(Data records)
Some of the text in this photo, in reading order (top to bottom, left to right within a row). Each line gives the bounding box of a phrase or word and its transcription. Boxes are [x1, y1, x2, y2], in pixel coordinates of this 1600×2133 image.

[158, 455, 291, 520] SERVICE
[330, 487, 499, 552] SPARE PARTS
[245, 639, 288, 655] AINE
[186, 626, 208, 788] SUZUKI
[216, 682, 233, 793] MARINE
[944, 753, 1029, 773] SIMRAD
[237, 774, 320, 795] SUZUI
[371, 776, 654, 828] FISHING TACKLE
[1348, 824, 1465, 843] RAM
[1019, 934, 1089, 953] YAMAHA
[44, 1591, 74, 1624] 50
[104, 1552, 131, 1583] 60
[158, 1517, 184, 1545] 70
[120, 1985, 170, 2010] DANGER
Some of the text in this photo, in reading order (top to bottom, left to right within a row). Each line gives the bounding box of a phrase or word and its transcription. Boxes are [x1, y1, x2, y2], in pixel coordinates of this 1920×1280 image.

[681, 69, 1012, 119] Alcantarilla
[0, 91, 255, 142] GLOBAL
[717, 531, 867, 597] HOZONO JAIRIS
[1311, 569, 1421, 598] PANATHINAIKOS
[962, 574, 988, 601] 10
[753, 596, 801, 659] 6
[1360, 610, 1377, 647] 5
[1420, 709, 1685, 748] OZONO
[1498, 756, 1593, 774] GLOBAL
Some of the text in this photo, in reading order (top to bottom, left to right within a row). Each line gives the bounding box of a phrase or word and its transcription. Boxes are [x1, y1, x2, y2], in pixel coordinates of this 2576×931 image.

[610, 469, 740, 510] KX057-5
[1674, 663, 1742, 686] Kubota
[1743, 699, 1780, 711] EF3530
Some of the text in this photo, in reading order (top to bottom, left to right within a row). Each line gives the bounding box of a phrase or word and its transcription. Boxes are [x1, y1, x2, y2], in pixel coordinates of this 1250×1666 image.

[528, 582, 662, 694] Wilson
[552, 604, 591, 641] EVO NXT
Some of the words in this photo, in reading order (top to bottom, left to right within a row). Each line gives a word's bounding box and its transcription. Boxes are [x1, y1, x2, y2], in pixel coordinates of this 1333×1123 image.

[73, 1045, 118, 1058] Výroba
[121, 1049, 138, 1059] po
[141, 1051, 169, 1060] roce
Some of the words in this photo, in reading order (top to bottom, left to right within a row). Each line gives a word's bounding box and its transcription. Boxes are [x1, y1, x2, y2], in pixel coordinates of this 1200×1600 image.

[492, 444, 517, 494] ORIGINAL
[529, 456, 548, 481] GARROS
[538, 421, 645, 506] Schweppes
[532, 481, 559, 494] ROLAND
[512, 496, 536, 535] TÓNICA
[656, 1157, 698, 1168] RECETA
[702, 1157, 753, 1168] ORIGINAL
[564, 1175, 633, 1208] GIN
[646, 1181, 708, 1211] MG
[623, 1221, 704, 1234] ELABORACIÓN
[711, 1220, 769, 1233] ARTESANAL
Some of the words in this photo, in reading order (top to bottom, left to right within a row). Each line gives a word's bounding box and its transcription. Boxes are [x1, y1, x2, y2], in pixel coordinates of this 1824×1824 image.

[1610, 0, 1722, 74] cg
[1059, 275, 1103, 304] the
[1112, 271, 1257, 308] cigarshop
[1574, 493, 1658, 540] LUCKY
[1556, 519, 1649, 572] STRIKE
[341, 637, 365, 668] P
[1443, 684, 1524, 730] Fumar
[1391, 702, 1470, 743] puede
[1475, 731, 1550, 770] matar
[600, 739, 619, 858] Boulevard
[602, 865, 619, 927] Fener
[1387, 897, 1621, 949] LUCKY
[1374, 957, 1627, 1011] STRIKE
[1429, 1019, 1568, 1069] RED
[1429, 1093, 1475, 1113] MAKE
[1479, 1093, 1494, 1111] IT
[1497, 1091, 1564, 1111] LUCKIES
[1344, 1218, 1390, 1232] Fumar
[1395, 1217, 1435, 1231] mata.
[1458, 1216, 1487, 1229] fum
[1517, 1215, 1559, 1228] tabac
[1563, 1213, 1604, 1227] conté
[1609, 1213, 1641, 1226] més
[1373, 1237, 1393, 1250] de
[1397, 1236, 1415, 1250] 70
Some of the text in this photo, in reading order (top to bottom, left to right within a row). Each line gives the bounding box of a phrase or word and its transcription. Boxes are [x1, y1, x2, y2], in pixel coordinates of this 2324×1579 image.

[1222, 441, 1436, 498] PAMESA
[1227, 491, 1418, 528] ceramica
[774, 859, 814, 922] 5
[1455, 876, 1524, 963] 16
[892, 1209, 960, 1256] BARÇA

The task
An exact restatement of the lines from the one with "this 1200×1600 image." through the last line of the data is the only acceptable answer.

Reply to the exercise
Some of the words in this photo, in reading order (top to bottom, left to right within a row). Each line gives a word's bounding box and its transcription. Boxes are [x1, y1, x2, y2], in pixel coordinates of this 1200×1600 image.

[492, 444, 517, 494] ORIGINAL
[529, 456, 548, 481] GARROS
[538, 421, 645, 506] Schweppes
[532, 481, 559, 494] ROLAND
[512, 496, 536, 535] TÓNICA
[656, 1157, 698, 1168] RECETA
[702, 1157, 753, 1168] ORIGINAL
[564, 1175, 633, 1208] GIN
[646, 1181, 708, 1211] MG
[623, 1221, 704, 1234] ELABORACIÓN
[711, 1220, 769, 1233] ARTESANAL
Some of the words in this photo, in reading order (top to bottom, left to right within a row). Each line gives a word's bounding box and its transcription. Boxes are [x1, y1, x2, y2], in pixel coordinates of this 1824×1824 image.

[1610, 0, 1722, 74] cg
[1059, 275, 1103, 304] the
[1112, 271, 1257, 308] cigarshop
[1574, 493, 1658, 540] LUCKY
[1556, 519, 1649, 572] STRIKE
[341, 637, 365, 668] P
[1443, 684, 1524, 730] Fumar
[1391, 702, 1470, 743] puede
[1475, 731, 1550, 770] matar
[600, 739, 619, 858] Boulevard
[602, 865, 619, 927] Fener
[1387, 897, 1621, 949] LUCKY
[1374, 957, 1627, 1011] STRIKE
[1429, 1019, 1568, 1069] RED
[1429, 1093, 1475, 1113] MAKE
[1479, 1093, 1494, 1111] IT
[1497, 1091, 1564, 1111] LUCKIES
[1344, 1218, 1390, 1232] Fumar
[1395, 1217, 1435, 1231] mata.
[1458, 1216, 1487, 1229] fum
[1517, 1215, 1559, 1228] tabac
[1563, 1213, 1604, 1227] conté
[1609, 1213, 1641, 1226] més
[1373, 1237, 1393, 1250] de
[1397, 1236, 1415, 1250] 70
Some of the text in this photo, in reading order (top to bottom, left to right within a row). Each line gives the bounding box of a phrase or word and its transcription. Boxes are [x1, y1, x2, y2], in pixel coordinates of this 2324×1579 image.

[1222, 441, 1436, 498] PAMESA
[1227, 491, 1418, 528] ceramica
[774, 859, 814, 922] 5
[1455, 876, 1524, 963] 16
[892, 1209, 960, 1256] BARÇA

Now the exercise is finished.